In the afternoon we head to the darkroom where Da Silva and Boshoff show us how to load the film — in black, velvet darkness — into developing tanks. “Everything in black and white film developing is about being consistent,” says Da Silva. The water temperatur­e. How many times you agitate the tank and how often. How long you develop the film for. It’s a good life lesson.

We work quietly, watching the clock. The chemicals gurgle in the tanks. Developer. Water. Fixer to render the film insensitiv­e to light. Wash. All done to the clock. The anticipati­on hangs in the air. Will the dogs come out? Will the cat’s devil eyes be sharp?

“It’s quite daunting,” says Atanasova who, until today, has never shot film. “You can’t review your photos. There’s this anticipati­on and suspense until you can get in the darkroom and see what you have.”

The films are washed and pulled from the tanks and Boshoff hangs them in the drying cabinet. They are barely dry before we have them gingerly in our fingertips, holding them up to the light and . . . there . . . the raw material of our images, shadows and shapes on celluloid, the magic of light on silver halide crystals.

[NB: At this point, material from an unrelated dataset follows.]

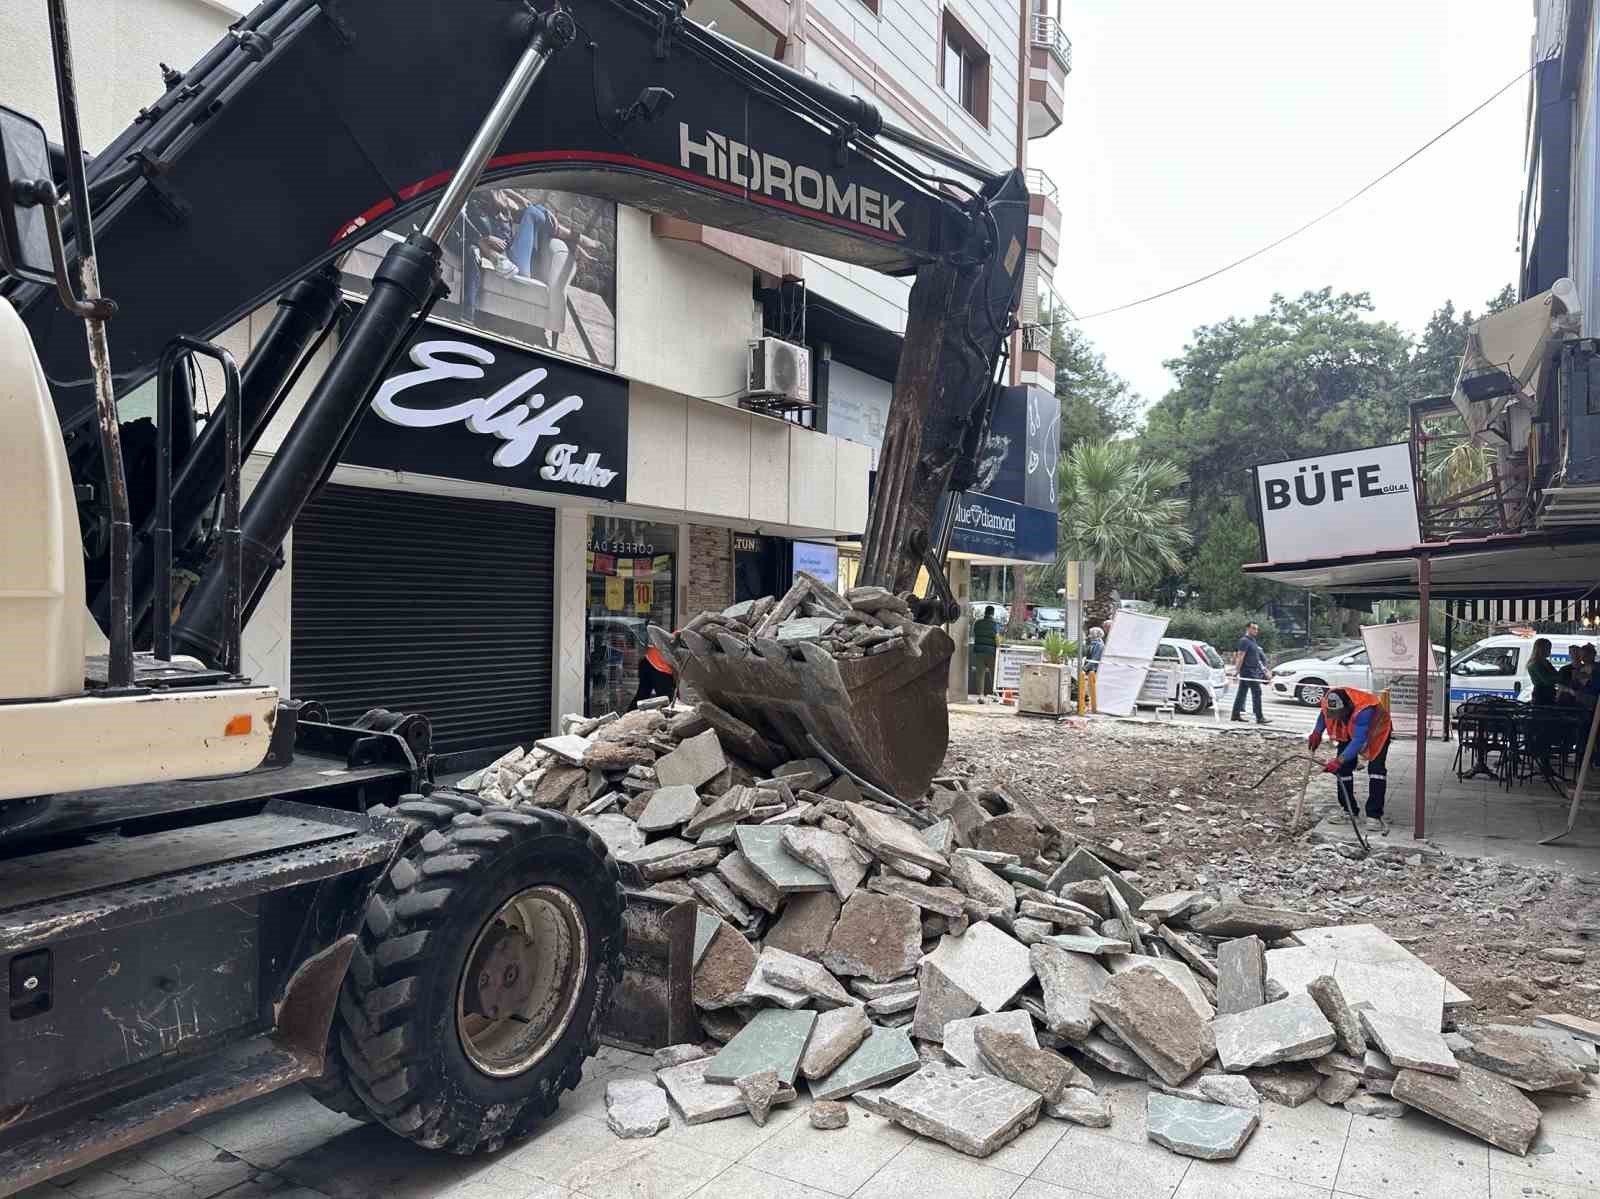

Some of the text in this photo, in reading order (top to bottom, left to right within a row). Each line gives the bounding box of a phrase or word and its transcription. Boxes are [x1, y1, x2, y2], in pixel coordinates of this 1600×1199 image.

[370, 340, 584, 468] Elif
[1264, 464, 1383, 511] BÜFE
[954, 503, 1016, 532] lue diamond
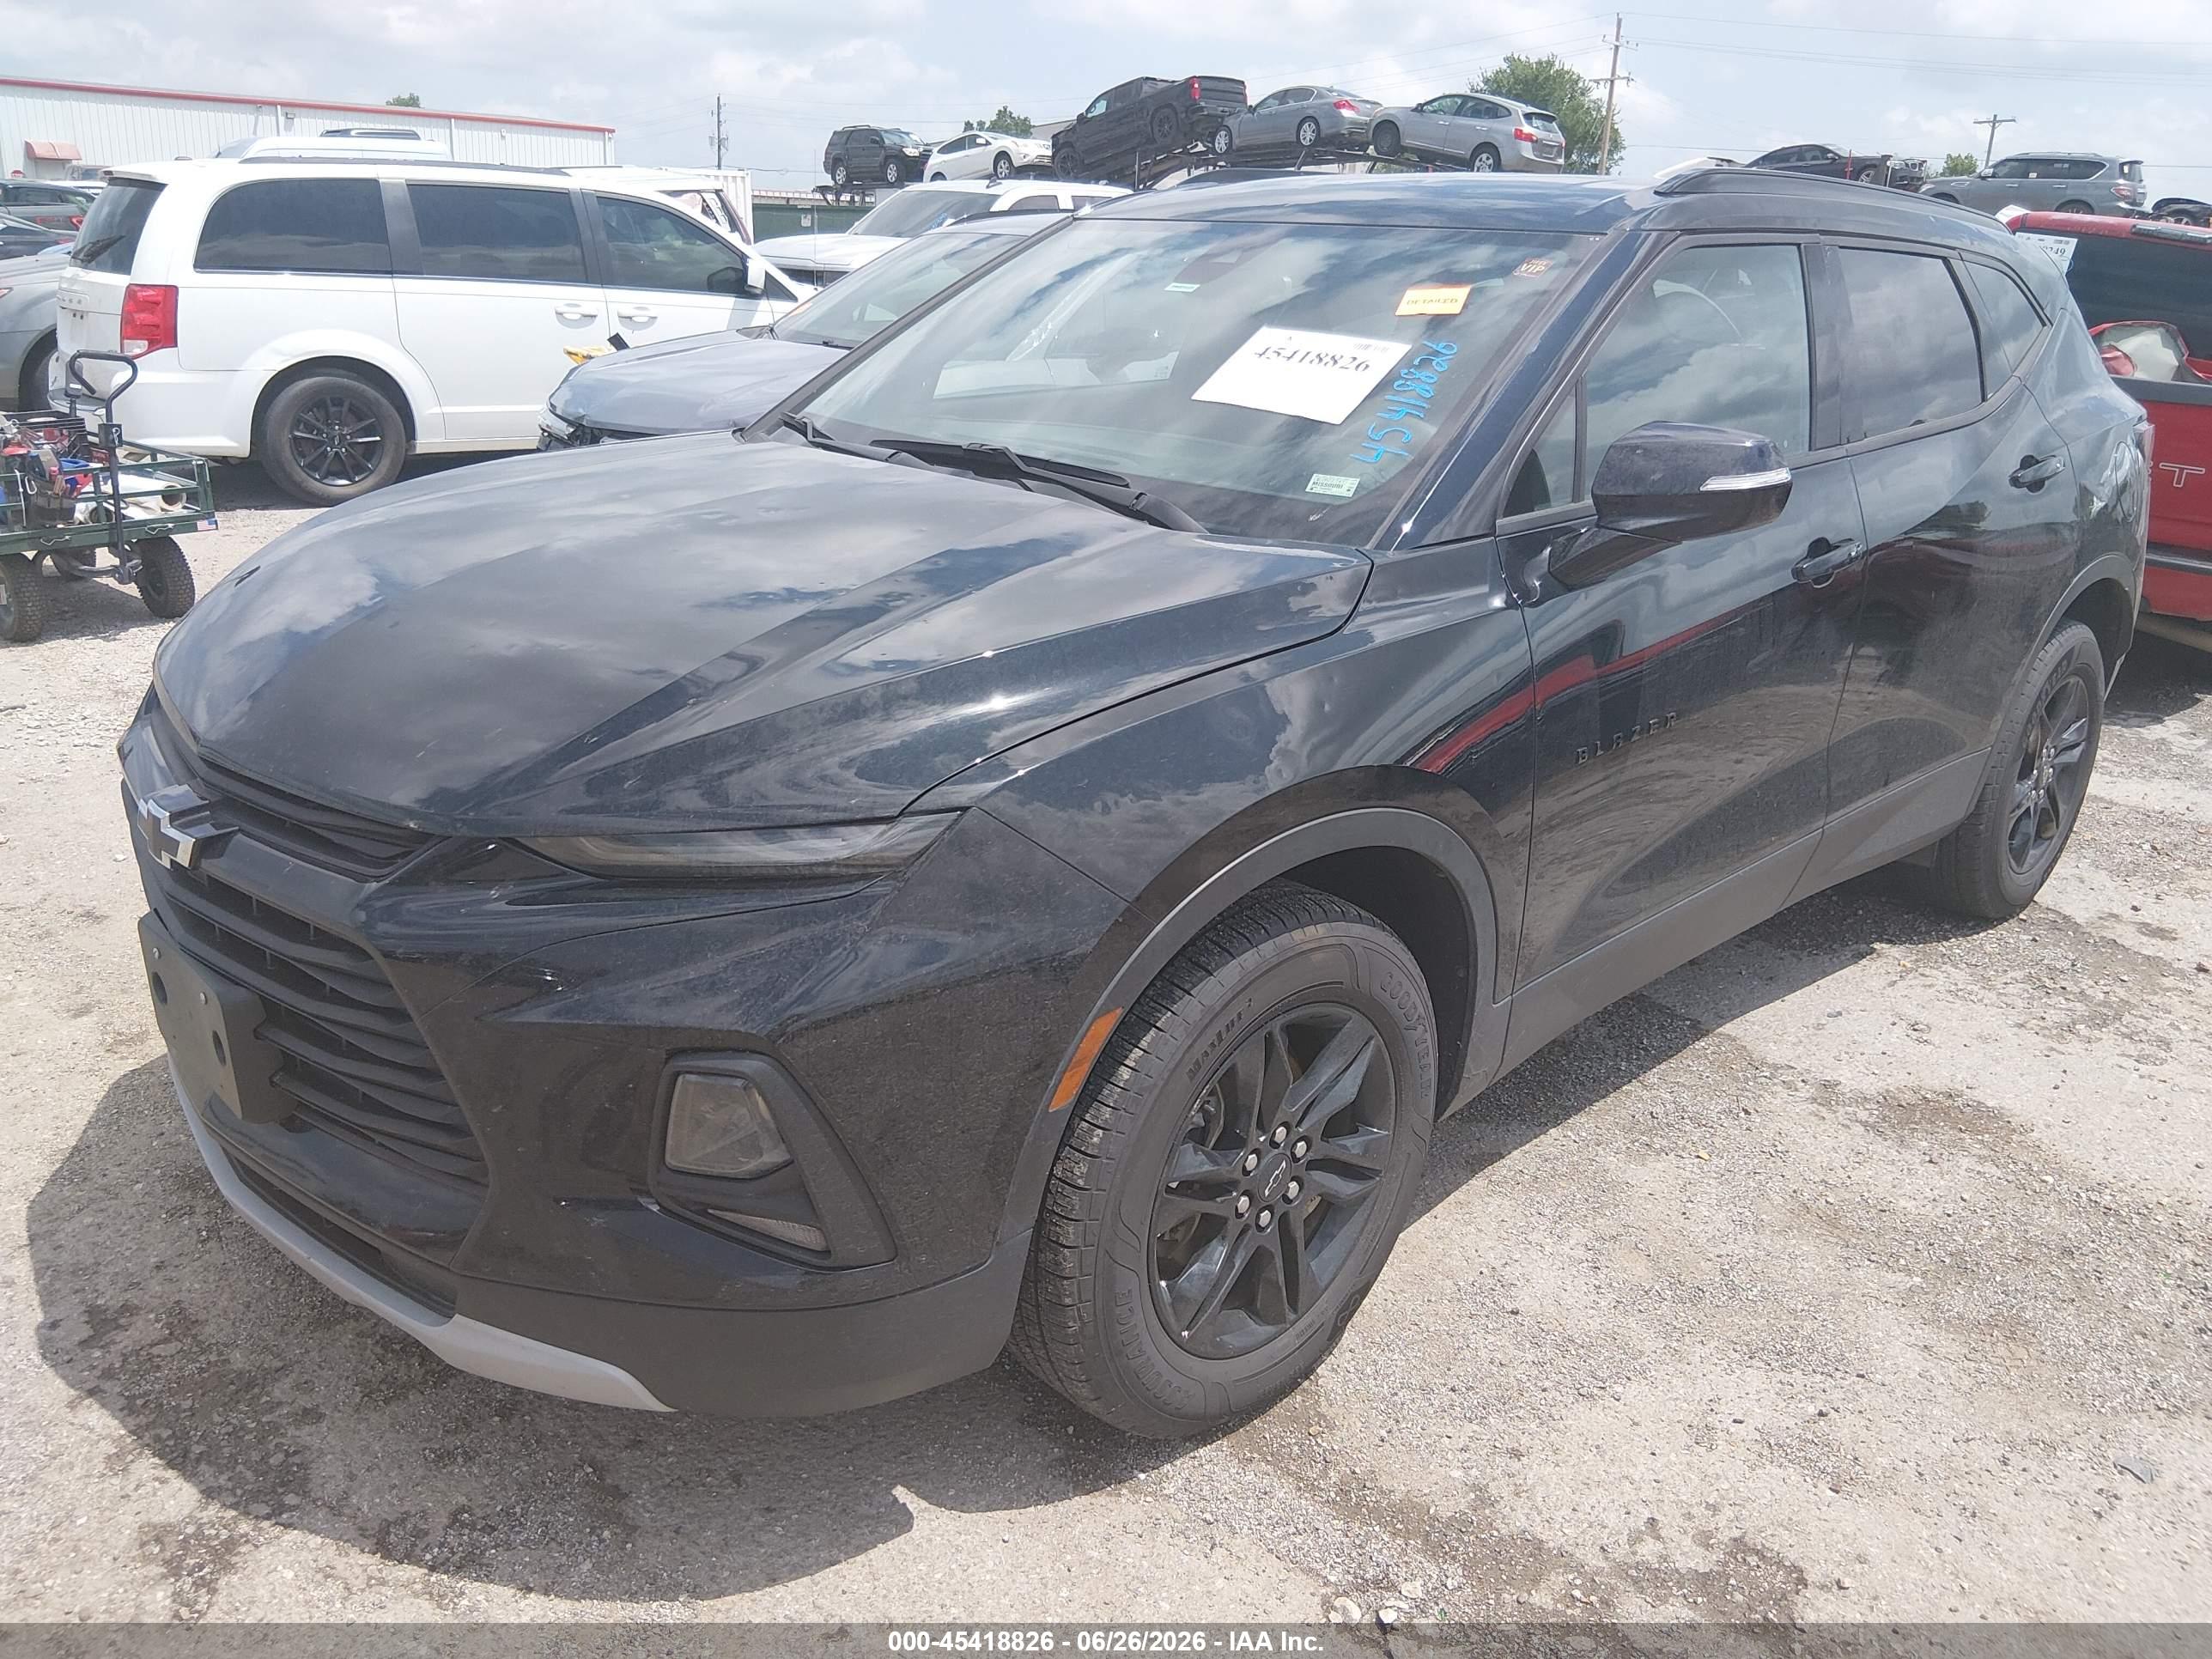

We are shown how the enlargers work, and print contact sheets from which we will choose our prints. The process is the same: expose, develop, wash, fix. Only now we slide photograph­ic paper into developing trays under the soft glow of red lights. It is cool and quiet and the only sound is the slosh of chemicals and the soft thud of trays in the tin sinks. The dogs turn out great — nice blacks, lots of detail in their muzzles — but devil-eye cat, frankly, looks insane.

We are back at 8.30am on the Sunday for more. We make test strips to get the exposure right, then make our prints. Then, in the red glow, we slip the pictures into the developing trays and watch the images appear on the paper. “You see it happening in front of your eyes,” says Coyle. “It’s like witchcraft.”

After each picture, the lights go on so Da Silva and Boshoff can guide us. Expose more there. Burn that bit. Dodge that. Lights off, back in the red glow. We try again. Time slips away.

By the end of the day we have each done five prints. Five. Well, Pon has done four. “And that took two days of getting my hands dirty,” he says. “That versus shooting 1 000 pictures in an hour and getting 30 or 60 from that 1 000.” He pauses. “People are very trigger-happy nowadays. This,” he says, holding up one of his prints, “is about feeling the photo.”

We have spent the day on our feet yet everyone looks blissed out, as if they’ve had an all-day spa treatment. Pon and Portokalli­s have no intention of putting down their digital cameras but the ground has clearly shifted. “Shooting on black and white film is not an excuse, it’s a reason,” says Pon.

“From today, I’m a black and white convert,” says Portokalli­s. “I’m actually going to look at all my black and white digital pictures in a different way. Dammit.”

The digital and film worlds collided and no one got bitten. The only fighting dogs were the ones in my picture. We’ve made something with our hands. And that feels good.